WCF -> DataContract distributed to client.

Middle-tier -> Models and Interface with then mapped to repository type and eventual a concrete class which implements a ORM.

In some cases I've seen reflection used, others just setting the properties and third-party libraries like AutoMapper for C#.

What is the most effective way to keep your system "easy to maintain" and functional or horses for courses?

EDIT: Question wasn't focused on Microsoft, I've used SOA for java and the same problem happens regarding mapping. I'm asking about direct mapping vs. reflection and etc? Its really got nothing to do with ORMs.


    public interface IProduct { //bundle of properties and method signatures }

    public abstract class Product  implements IProduct { //implementation }

    public class Product extends Product implments IProduct { //implements and do stuff}

    public class Product extends Product implments IProduct { //implements and do stuff}

    public class ProductController 
      public IActionResponse Save(IProduct product)
          //save to sapMD repository
          IAction actionMd = ((thesolution.repositories.sapMD.Product)product).Save();

           //save to sapCRM repository
          IAction actionCrm = ((thesolution.repositories.sapMD.Product)product).Save();

          IActionResponse response = new thesolution.message.product.ActionResponse(); 
          return response;


      //XSD JAXB or etc.


//your service method

public class ProductServices ... {

  public thesolution.DataContracts.ResponseAction Save(thesolution.DataContracts.Product product){

    // so now how do you map back to IProduct manually, reflection or etc.


  • 2
    You might want to accept answers to your questions as a way to encourage folks to participate. – S.Lott Jul 14 '11 at 9:55

Personally I've had success with Domain Driven Design (DDD). DDD is not suitable for everyone.

However I suspect if you're using Service Oriented Architecture (SOA) then you may have suitably complex business logic to abstract away so that it can be changed independently of your architecture.

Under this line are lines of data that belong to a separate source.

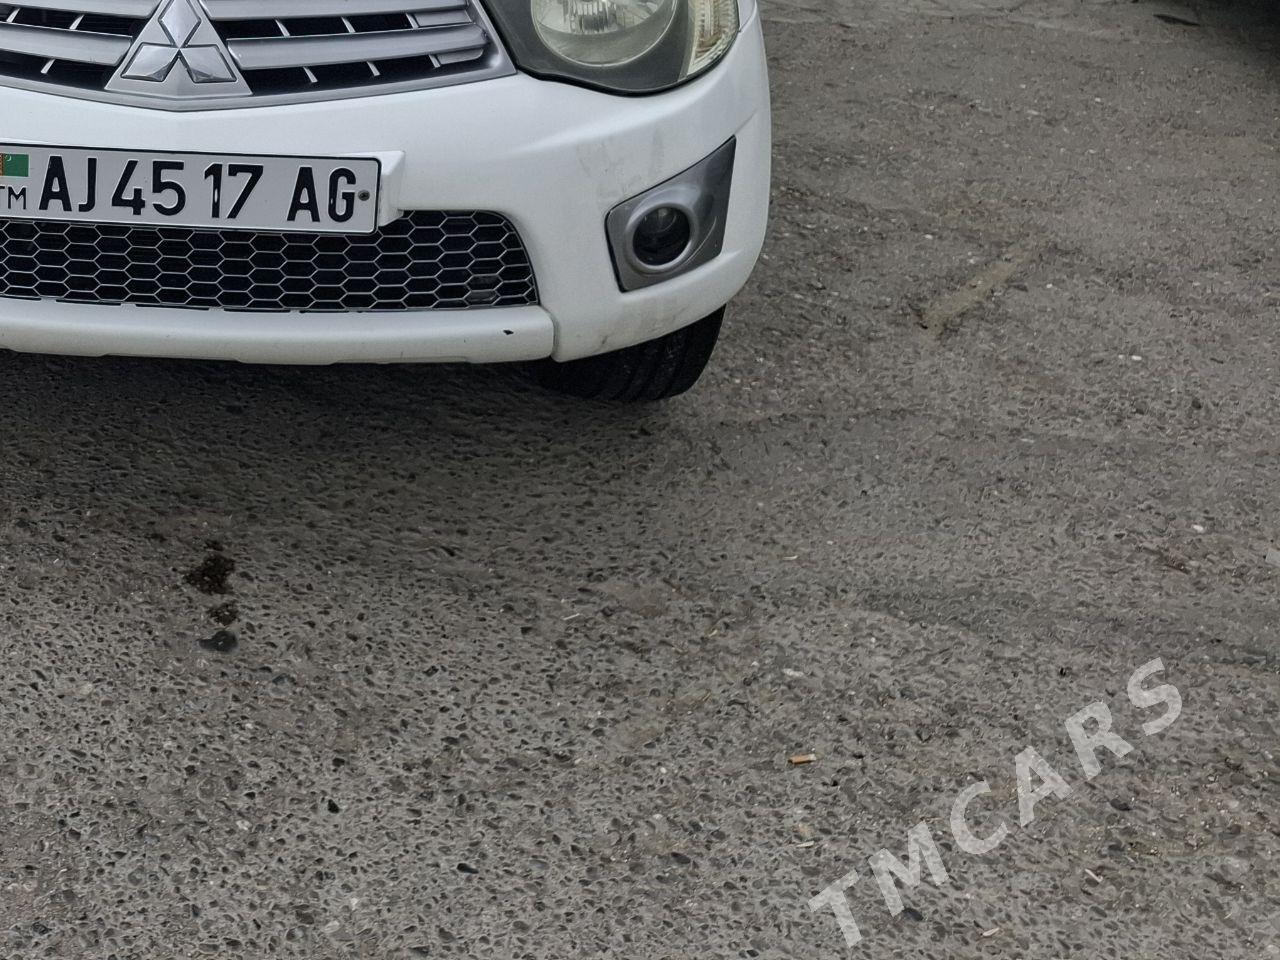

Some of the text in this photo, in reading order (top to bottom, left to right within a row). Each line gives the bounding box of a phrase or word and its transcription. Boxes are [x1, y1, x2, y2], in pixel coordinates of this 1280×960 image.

[38, 155, 98, 213] AJ
[110, 159, 187, 216] 45
[203, 163, 264, 220] 17
[286, 166, 357, 223] AG
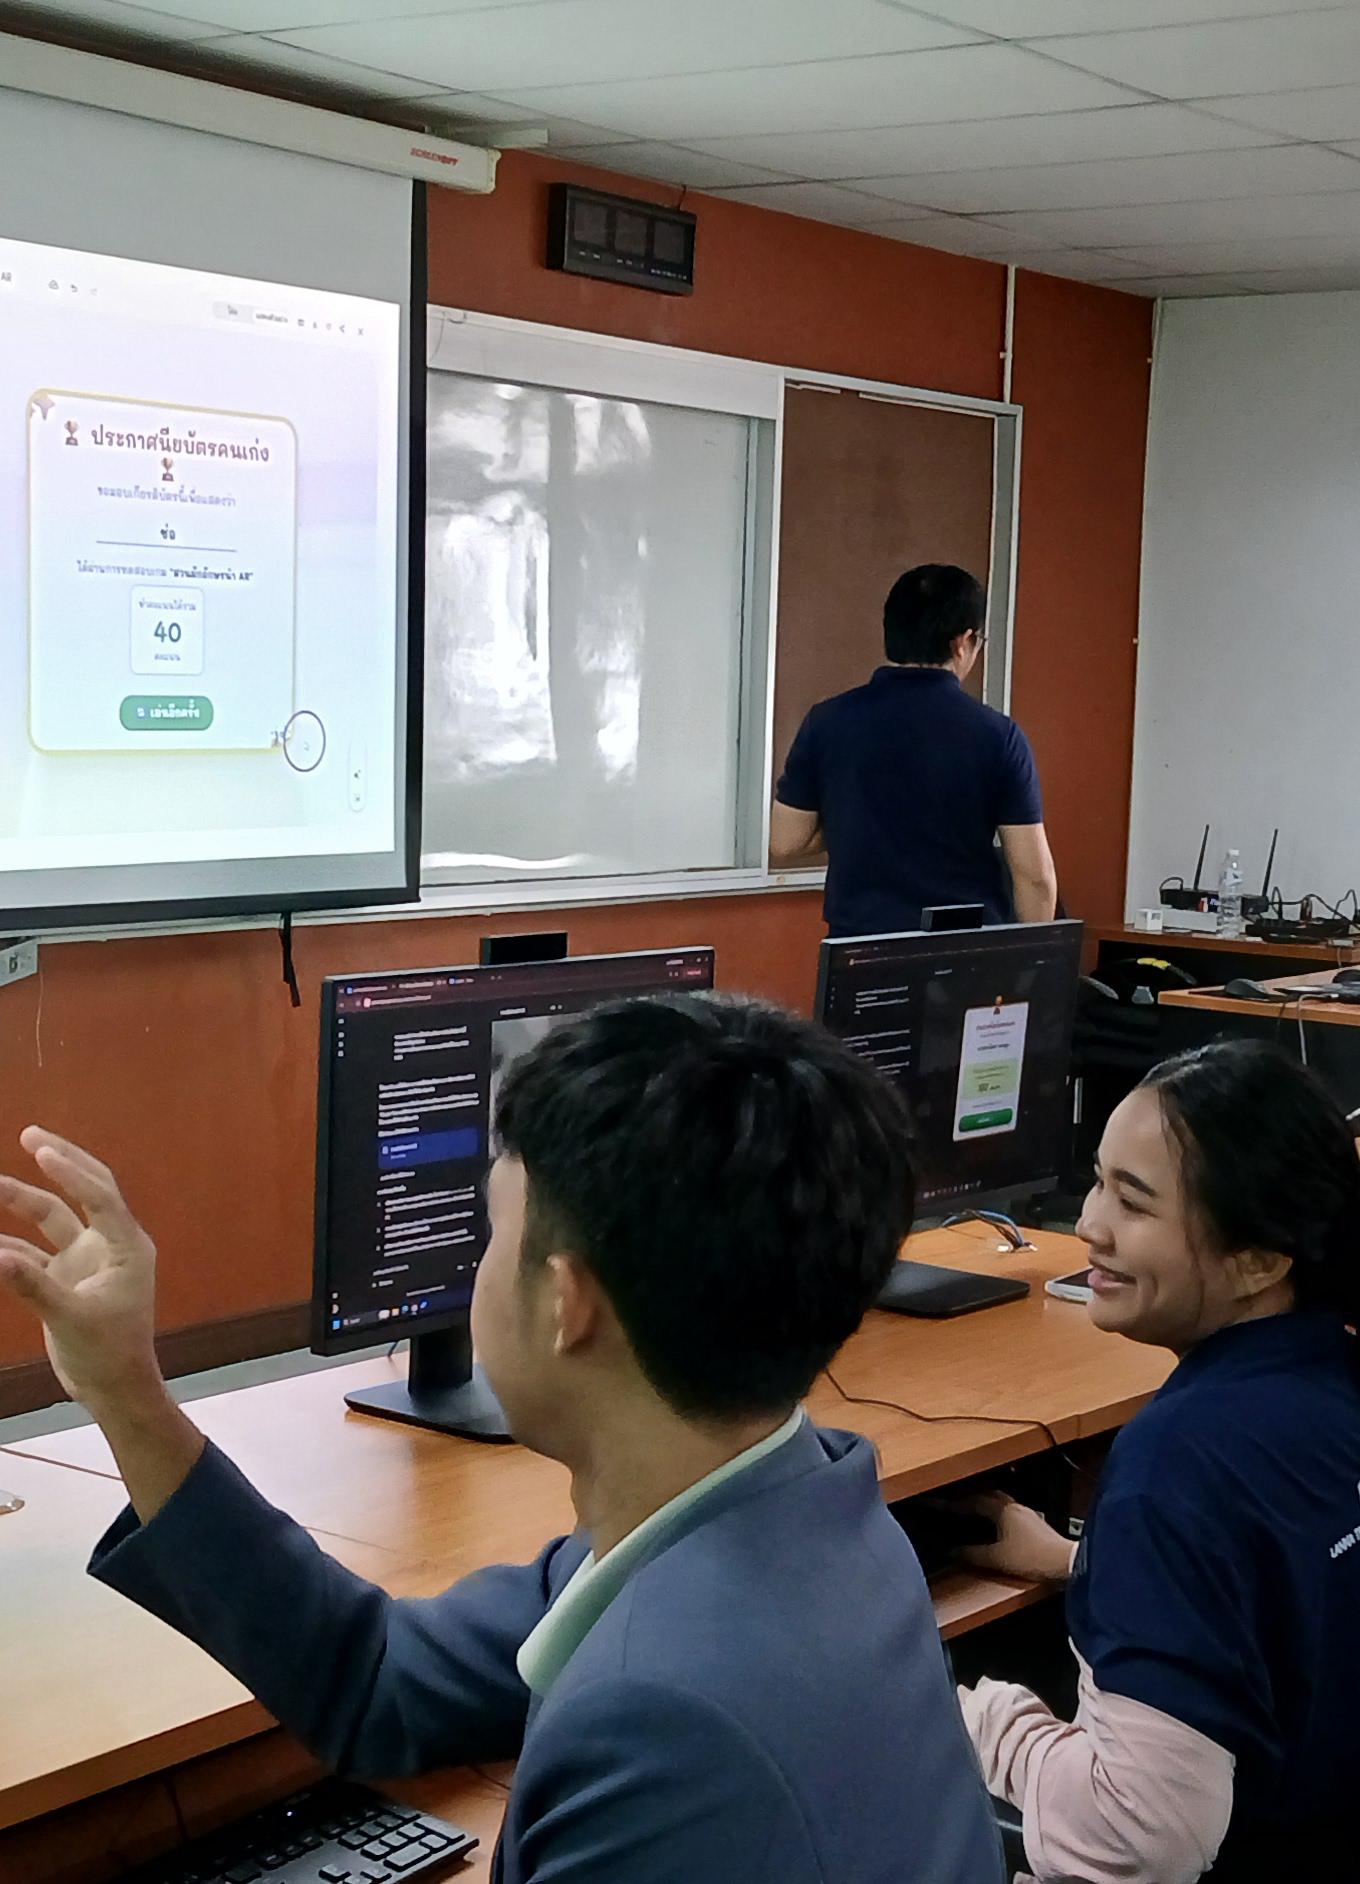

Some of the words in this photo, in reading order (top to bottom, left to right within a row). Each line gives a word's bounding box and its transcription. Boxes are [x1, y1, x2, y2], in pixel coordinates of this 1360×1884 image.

[91, 426, 270, 463] ประกาศนียบัตรคนเก่ง
[154, 620, 182, 643] 40

DDD and SOA have a kind of symbiosis. I don't have any direct resources to link, however Udi Dahan does training courses regarding using DDD & SOA.

Update: Heres a video of Udi Dahan giving a talk about using DDD with SOA.


Take the hint.

If it was easy, Microsoft would not have invented so many choices. If you Google "Entity Framework", you'll find even more (POCO EF4, etc.)

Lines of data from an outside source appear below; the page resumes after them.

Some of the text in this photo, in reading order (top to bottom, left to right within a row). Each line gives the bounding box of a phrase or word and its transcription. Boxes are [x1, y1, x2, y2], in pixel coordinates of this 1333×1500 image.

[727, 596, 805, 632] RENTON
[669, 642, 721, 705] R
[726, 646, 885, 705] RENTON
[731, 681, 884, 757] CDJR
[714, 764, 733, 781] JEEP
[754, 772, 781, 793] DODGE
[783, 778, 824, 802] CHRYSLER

You can read articles like this: http://blogs.msdn.com/b/esql/archive/2007/12/14/entityframework_5f00_orm.aspx

Sadly, it's hard because -- possibly -- Microsoft has a lot of internal politics. All of their products need a place in the architecture, so there's a lot of mappings among all the various pieces and parts. It's hard for Microsoft to simplify anything. (Oracle may have the same kind of problem.)

If you step away from the Microsoft World View, however, it's still difficult, but it may not be quite so complex. Fewer products means fewer mappings.

Many folks use Object-Oriented databases (with no mappings) or very simple ORM tools (with very simple mappings in exactly one place.)